How does the built-in potential barrier depend on the doping concentration in PN junction?

How does the built-in potential barrier depend on the doping concentration in PN junction?

If the concentration of doping is increased, number of charge carriers also increases. Due to increased number of charge carriers, amount of diffusion increases and in turn, recombination of holes and electrons increases. Hence, we get a larger region depleted by charge carriers i.e. potential barrier increases.

How does barrier potential depends on doping?

It also depends on temperature and the doping concentration of the diode. Since the barrier potential depends on the width of the depletion region, the barrier potential depends on temperature, forward bias and the doping density of the diode. Therefore, the barrier potential does not depend on the design of the diode.

How do you calculate built-in potential?

The built-in potential (at 300 K) equals fi = kT/q ln(1016 x 9 x 1017/ni2) = 0.77 V, using kT/q = 25.84 mV and ni = 1010 cm-3. The built-in potential (at 100°C) equals fi = kT/q ln(1016 x 9 x 1017/ni2) = 0.673 V, using kT/q = 32.14 mV and ni = 8.55 x 1011 cm-3 (from Example 20).

What is built-in potential?

Equilibrium (zero bias) In a p–n junction, without an external applied voltage, an equilibrium condition is reached in which a potential difference forms across the junction. This potential difference is called built-in potential .

What happens if n and p-type materials are in close contact?

When P-type and N-type come into contact, carriers, which are holes and free electrons, are attracted to each other, recombine at the junction of P-type and N-type, and disappear. Because there are no carriers near the junction, it is called a depletion layer, and it becomes the same state as an insulator.

What does barrier potential depend on?

Barrier potential depends on the material used to make p-n junction diode (whether it is Si or Ge). It should also depend on the amount of doping due to which the number of majority charge carriers will change. Also, it depends on temperature due to which the number of minority carriers will change.

What is potential barrier in pn junction?

The potential barrier in the p-n junction is a type of barrier which does not allow the normal flow of charge across the junction and this resistance to the flow of charge is known as barrier potential.

What is built-in potential barrier?

The significance of this built-in potential across the junction, is that it opposes both the flow of holes and electrons across the junction and is why it is called the potential barrier. The result of this process is that the PN junction has rectifying current–voltage (IV or I–V) characteristics.

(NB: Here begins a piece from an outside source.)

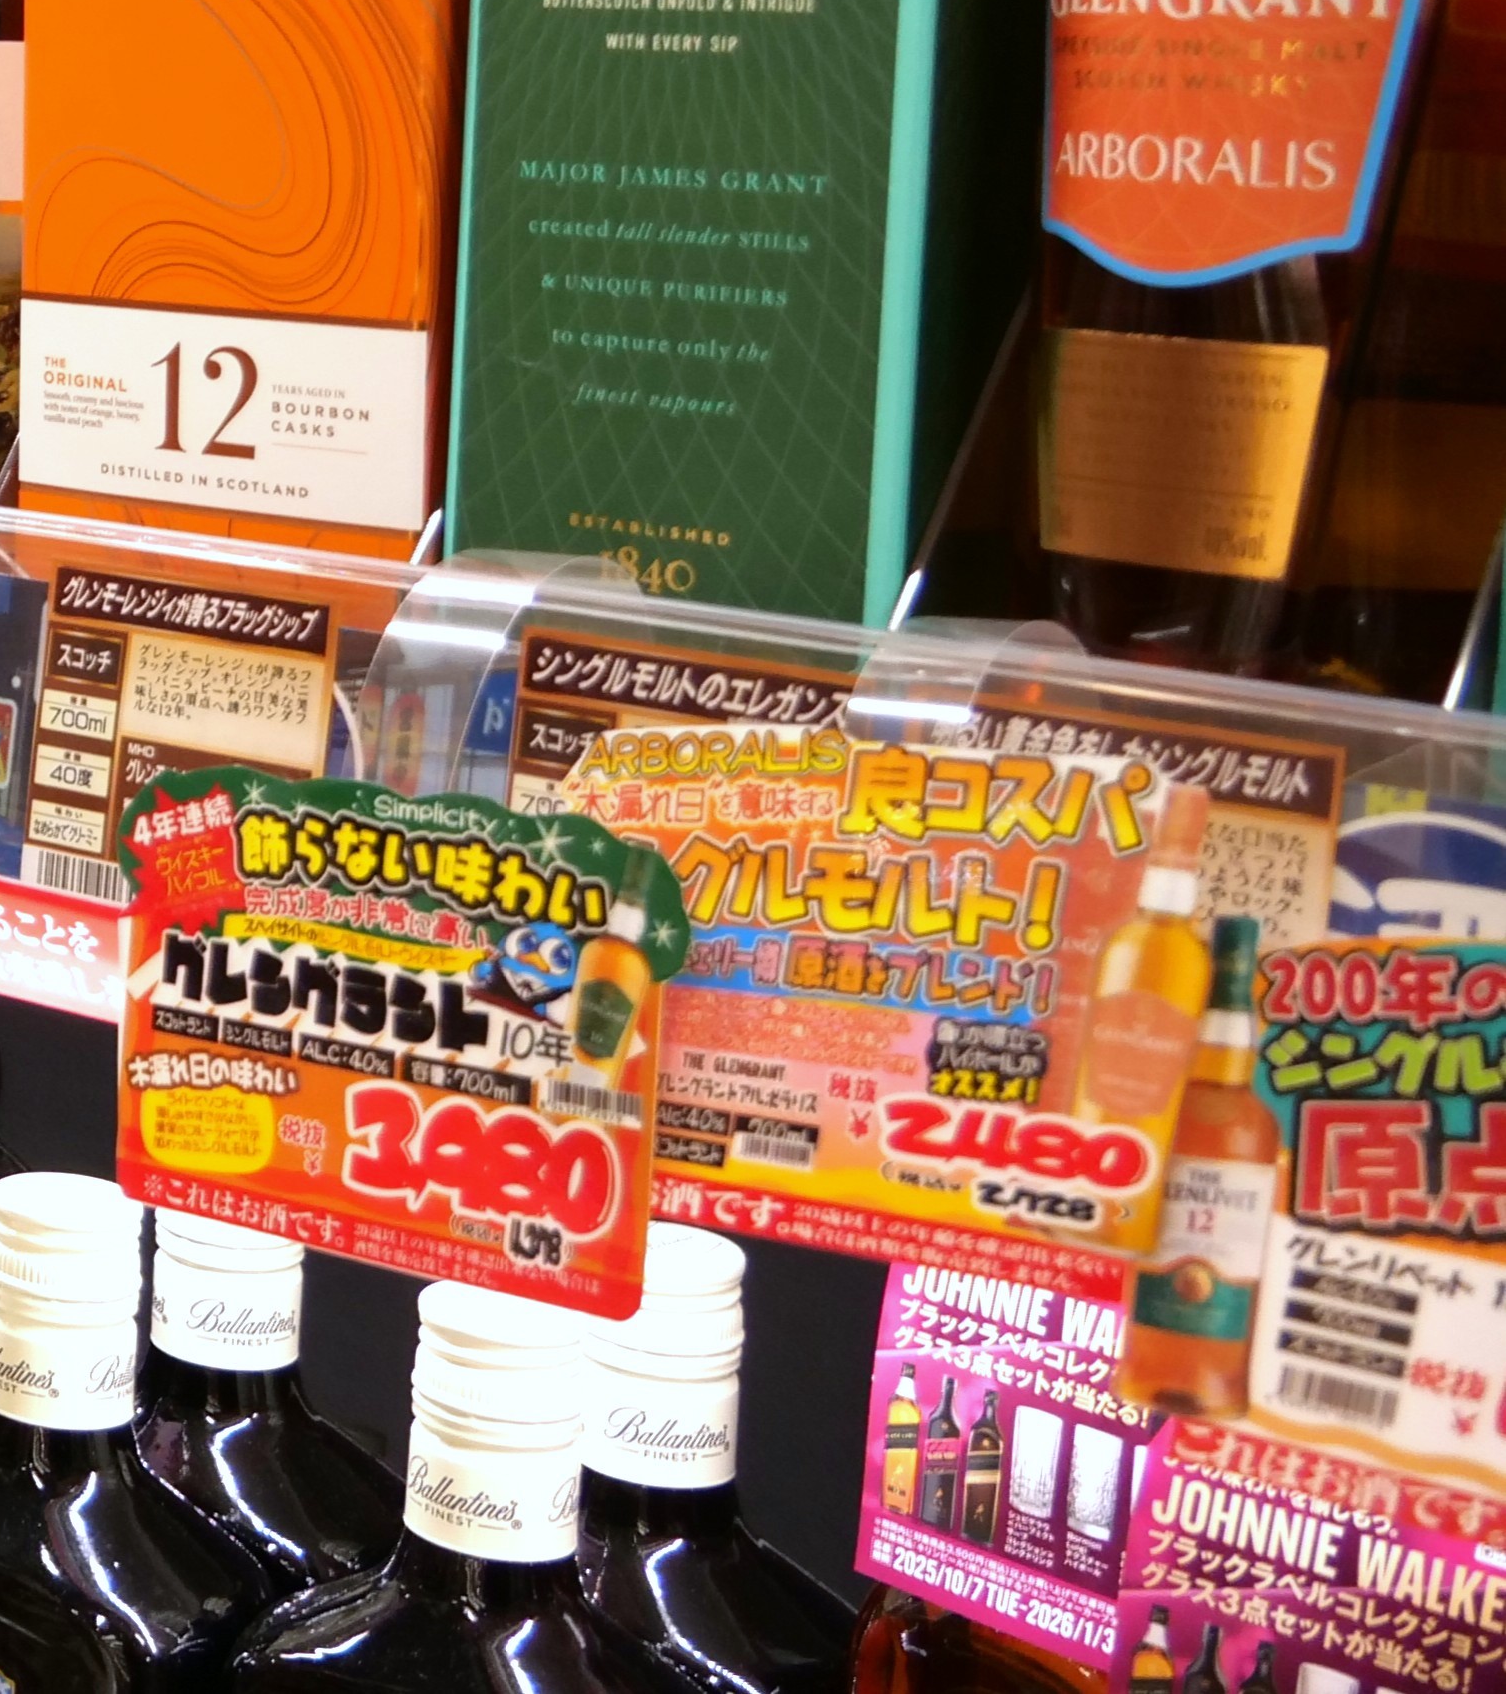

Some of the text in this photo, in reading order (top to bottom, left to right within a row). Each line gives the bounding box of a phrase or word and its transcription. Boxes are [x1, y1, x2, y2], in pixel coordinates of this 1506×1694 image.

How barrier potential is created?

Barrier Potential: The electric field formed in the depletion region acts as a barrier. External energy must be applied to get the electrons to move across the barrier of the electric field. The potential difference required to move the electrons through the electric field is called the barrier potential.

What is effect of Gauss doping profile on electric potential?

This study aimed to determine the effects of Gauss doping profile on electric potential of p-n diode. This effect is studied by simulating PN diodes at equilibrium condition with differences in doping fall-off constant (dfc) using MATLAB and COMSOL software.

What is the relationship between doping and depletion region width?

I could only find the relationship between the depletion region width and the doping concentration. I don’t know how you missed the first formula for the built in voltage that I can find.

How are doping concentrations related to turn on voltage?

To answer this question, we use the equation relating to doping concentrations and turn on voltage to find the turn on voltage, and our relationship between the two depletion regions in order to solve for one. I chose to solve for the (x2-x1) first, using my calculator to solve the quadratic formula.

What is the effect of doping on PN diodes?

This effect is studied by simulating PN diodes at equilibrium condition with differences in doping fall-off constant (dfc) using MATLAB and COMSOL software. According to the simulation results, it concluded that p-n diode with different Gaussian doping profile, will produce similar built-in voltage (VGbi).